But one of the most fundamental requirements doesn't usually need to be expressed: They're not about real people.

Director Peter Berg smacks face-first into that rule in Deepwater Horizon, which deals with the April 2010 events on the offshore oil-drilling rig that made national headlines. The focal point of the story is Mike Williams (Mark Wahlberg), an electronics technician who is just starting a 21-day stint aboard the rig when trouble begins. The site's supervisor, "Mr. Jimmy" Harrell (Kurt Russell), questions the way BP executives have taken shortcuts around safety tests as the creation of the well runs over-budget and behind schedule. And even after additional tests suggest the possibility of unsafe pressure building below the surface, operations continue—until a massive eruption of oil and gas leads to an explosion that threatens the lives of everyone on board.

Berg, along with screenwriters Matthew Michael Carnahan and Matthew Sand, demonstrate an impressive willingness to drop viewers into the world of the Deepwater Horizon without much hand-holding orientation. The dialogue is heavy with jargon and technical terminology, addressing matters like the heavy mud used to keep oil from backflowing through the drill pipe, the various safety tests that were (or, tragically, weren't) run, systems that were failing, and the individual entities responsible for different roles. While there are occasions when a specific line might not be immediately decipherable—or even audible above the din of activity, whether everyday or catastrophic—the overall sense of the place becomes instantly apparent: This is a remarkably complicated piece of machinery, requiring a huge amount of careful inspection and maintenance, some of which it was not receiving.
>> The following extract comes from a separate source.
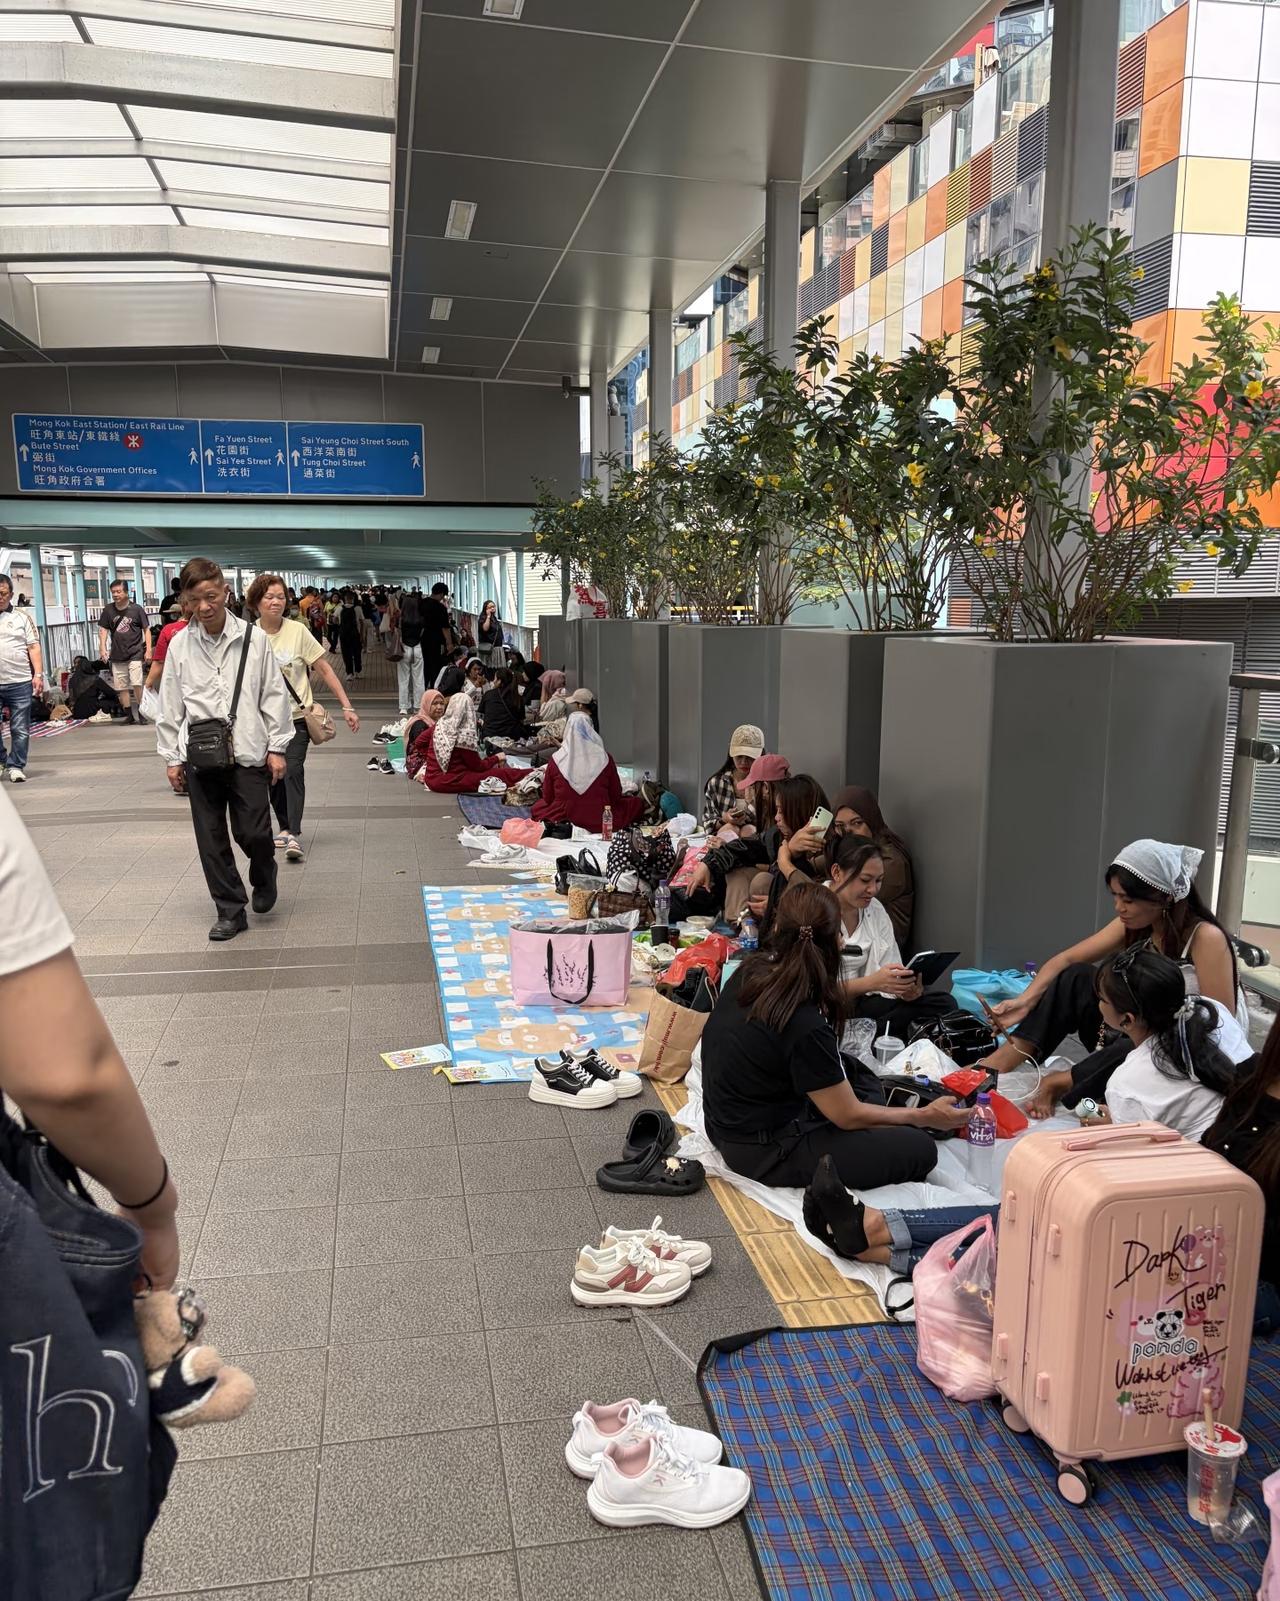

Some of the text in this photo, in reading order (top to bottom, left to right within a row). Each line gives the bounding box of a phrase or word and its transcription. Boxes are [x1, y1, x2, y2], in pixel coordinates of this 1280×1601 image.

The problem is that structurally, the script doesn't resemble a harrowing fact-based story like Berg and Wahlberg's last collaboration, Lone Survivor, as much as it resembles something like The Towering Inferno in its reliance on disaster-movie tropes. Because such tales require a bureaucratic type whose dithering and/or callousness interferes with the people raising legitimate concerns, we get a group of BP executives—represented by John Malkovich, talking about the corporation's interests in a Cajun purr that adds to the villainy—thwarting Mr. Jimmy's efforts to do the right thing. To make sure there's something at stake as the characters fight for their lives, we get backstory about Williams' wife back home (Kate Hudson), who can worry and make anguished phone calls as news of the explosion begins to leak out. And there's plenty of foreshadowing, from the bubbles Berg constantly shows ominously erupting from the ocean floor around the well, to the school presentation by Williams' daughter about his work that sends cola blasting through a straw.

Yet as much as Deepwater Horizon keeps preparing audiences for a Roland Emmerich-style disaster yarn, this is the story of an actual disaster, which cost 11 people their lives. Berg can bring a gritty physicality to his action sequences, as he did in Lone Survivor and The Kingdom, and here he creates several squirm-inducing moments showing the damage bodies took in this tragedy. It just becomes hard to negotiate the collision between real-world facts and genre conventions. Any cheering for the applause-moment heroism is blunted by the non-fiction roots.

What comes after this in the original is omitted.